(DATA EXTRACT):

Segment Open

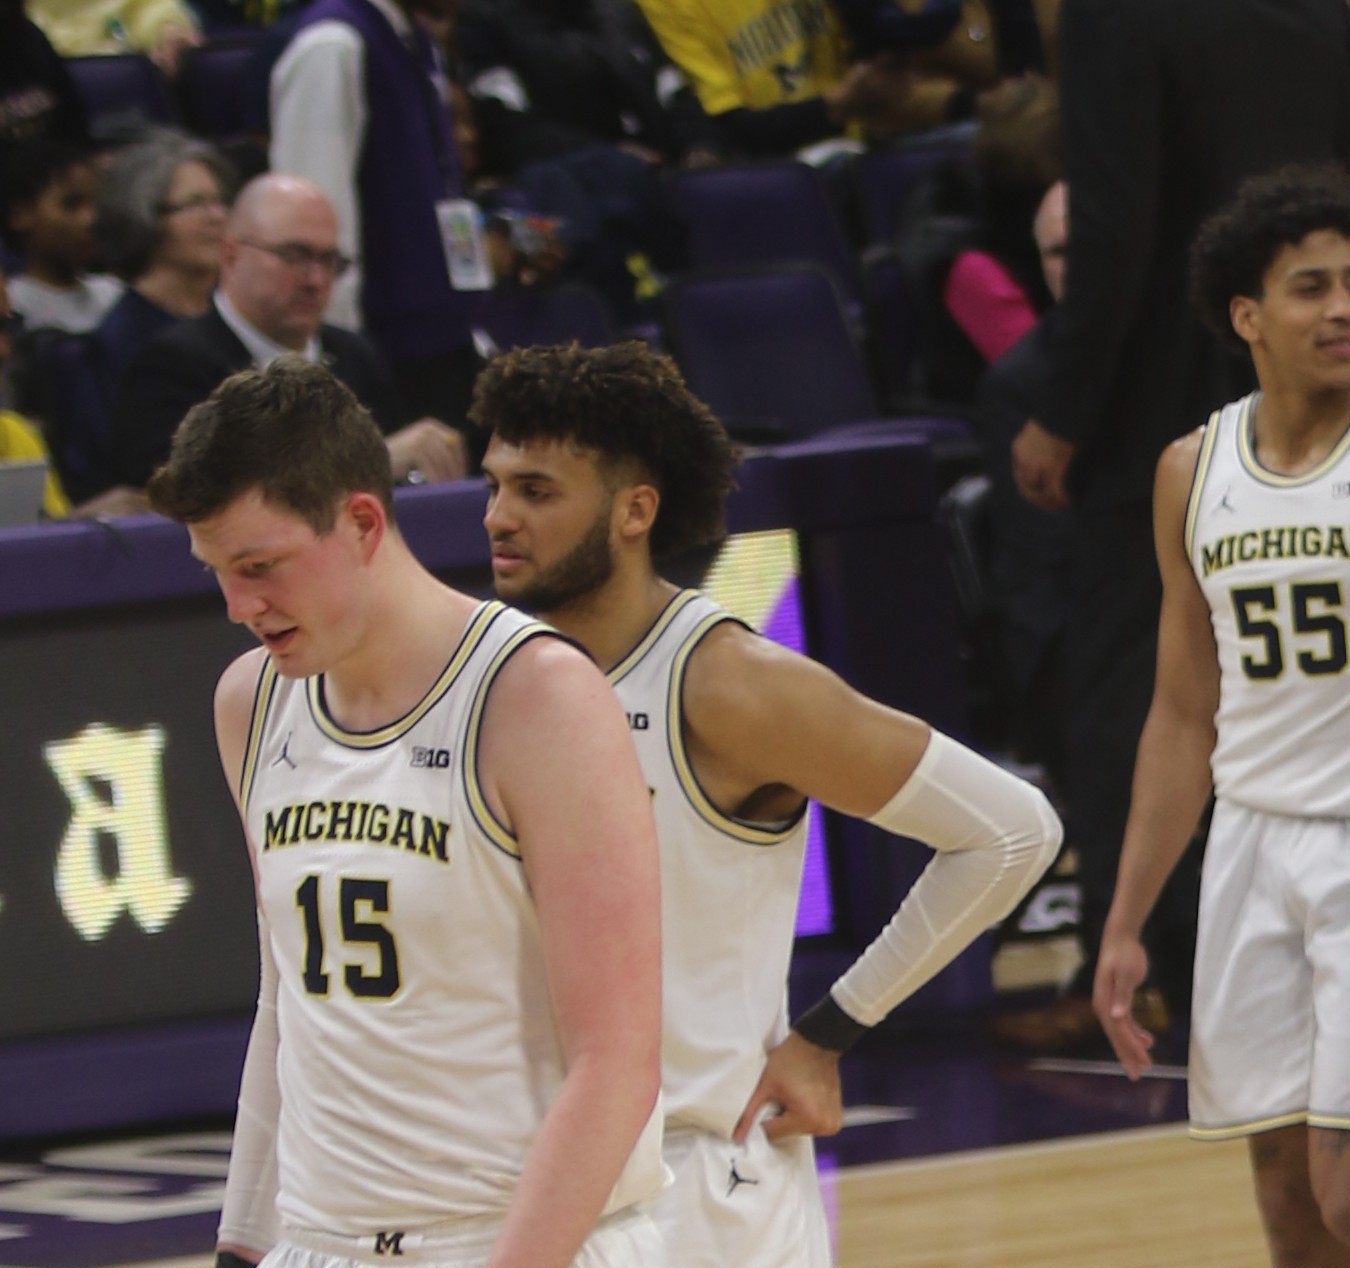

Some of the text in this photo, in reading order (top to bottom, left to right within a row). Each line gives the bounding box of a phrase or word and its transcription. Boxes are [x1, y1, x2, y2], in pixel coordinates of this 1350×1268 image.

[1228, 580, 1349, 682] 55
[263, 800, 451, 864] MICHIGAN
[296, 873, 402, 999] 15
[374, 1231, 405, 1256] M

Segment Closed

(AIM OF THE EXERCISE):
Exact wording is required throughout: write out all the records, but no pictures.

(YOUR SOLUTION):
Some of the text in this photo, in reading order (top to bottom, left to right within a row). Each line gives the bounding box of a phrase or word and its transcription. Boxes are [x1, y1, x2, y2], in pixel coordinates of this 1350×1268 image.

[1228, 580, 1349, 682] 55
[263, 800, 451, 864] MICHIGAN
[296, 873, 402, 999] 15
[374, 1231, 405, 1256] M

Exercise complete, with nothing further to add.